------ Supplied material ------

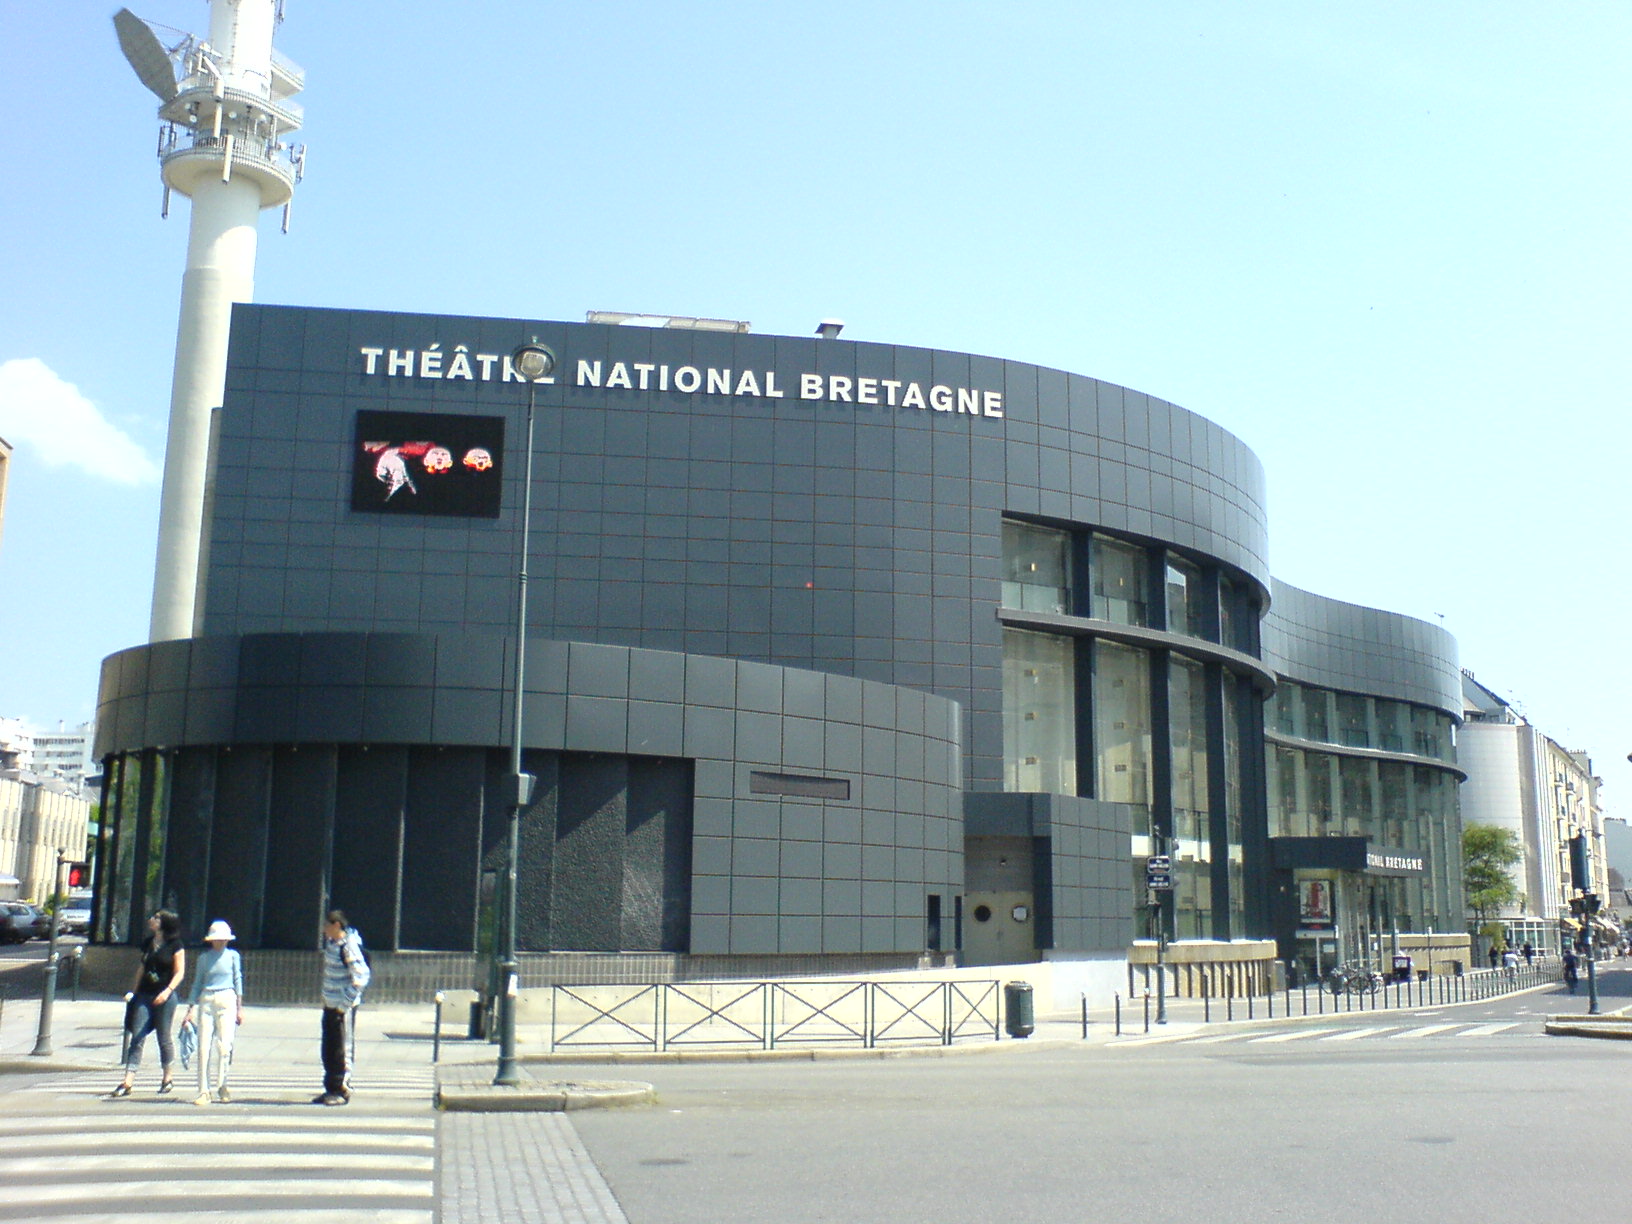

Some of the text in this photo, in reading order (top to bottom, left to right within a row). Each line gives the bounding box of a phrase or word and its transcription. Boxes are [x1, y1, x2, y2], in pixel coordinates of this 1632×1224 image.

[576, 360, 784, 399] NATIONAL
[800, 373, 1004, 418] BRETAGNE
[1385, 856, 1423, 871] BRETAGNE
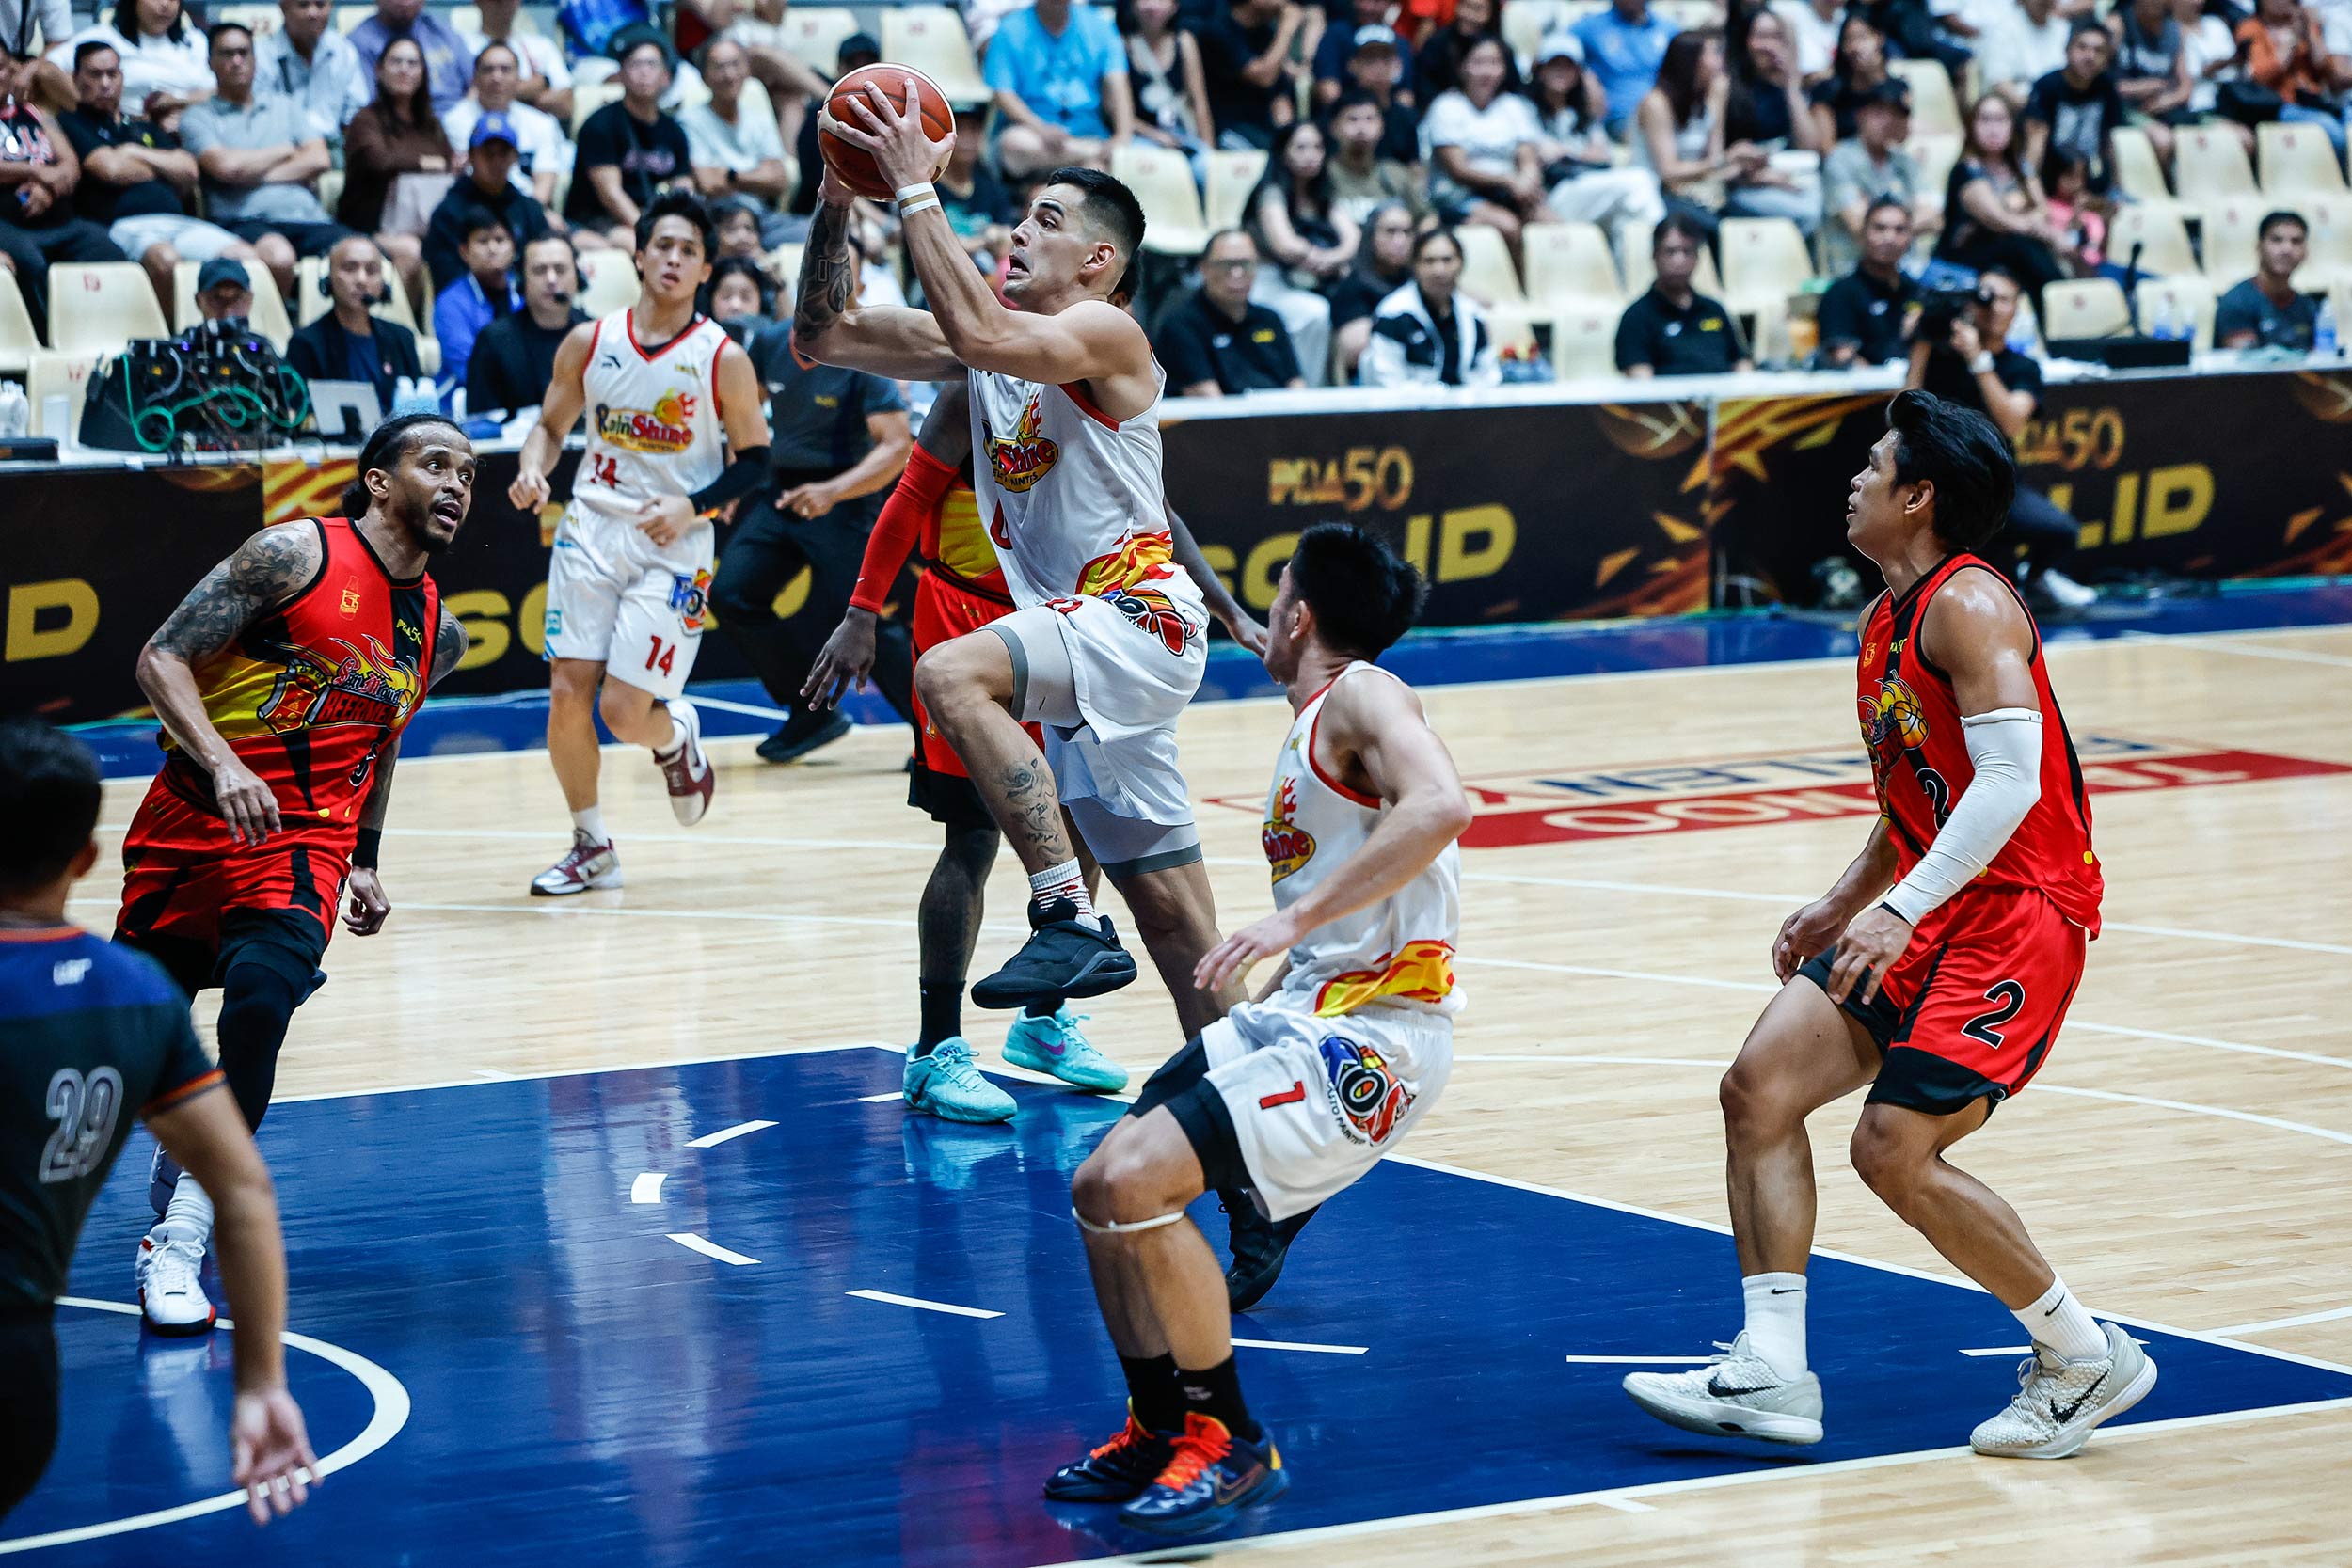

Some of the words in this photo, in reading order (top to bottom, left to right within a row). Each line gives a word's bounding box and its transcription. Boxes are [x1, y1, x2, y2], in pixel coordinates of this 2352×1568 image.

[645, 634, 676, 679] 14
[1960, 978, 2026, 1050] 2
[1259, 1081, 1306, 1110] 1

------

* _Problem description_: Type the material out again exactly. Skip the pictures.

* _Solution for this task_:
Some of the text in this photo, in reading order (top to bottom, left to right within a row). Each line gives the bounding box of a phrase or word and its transcription. Boxes are [x1, y1, x2, y2], in pixel coordinates of this 1632×1224 image.

[576, 360, 784, 399] NATIONAL
[800, 373, 1004, 418] BRETAGNE
[1385, 856, 1423, 871] BRETAGNE

Some of the words in this photo, in reading order (top to bottom, left to right within a row). Each line gives a word's bounding box and its transcription. Boxes are [x1, y1, x2, y2], in pixel coordinates of this 2352×1568 image.

[645, 634, 676, 679] 14
[1960, 978, 2026, 1050] 2
[1259, 1081, 1306, 1110] 1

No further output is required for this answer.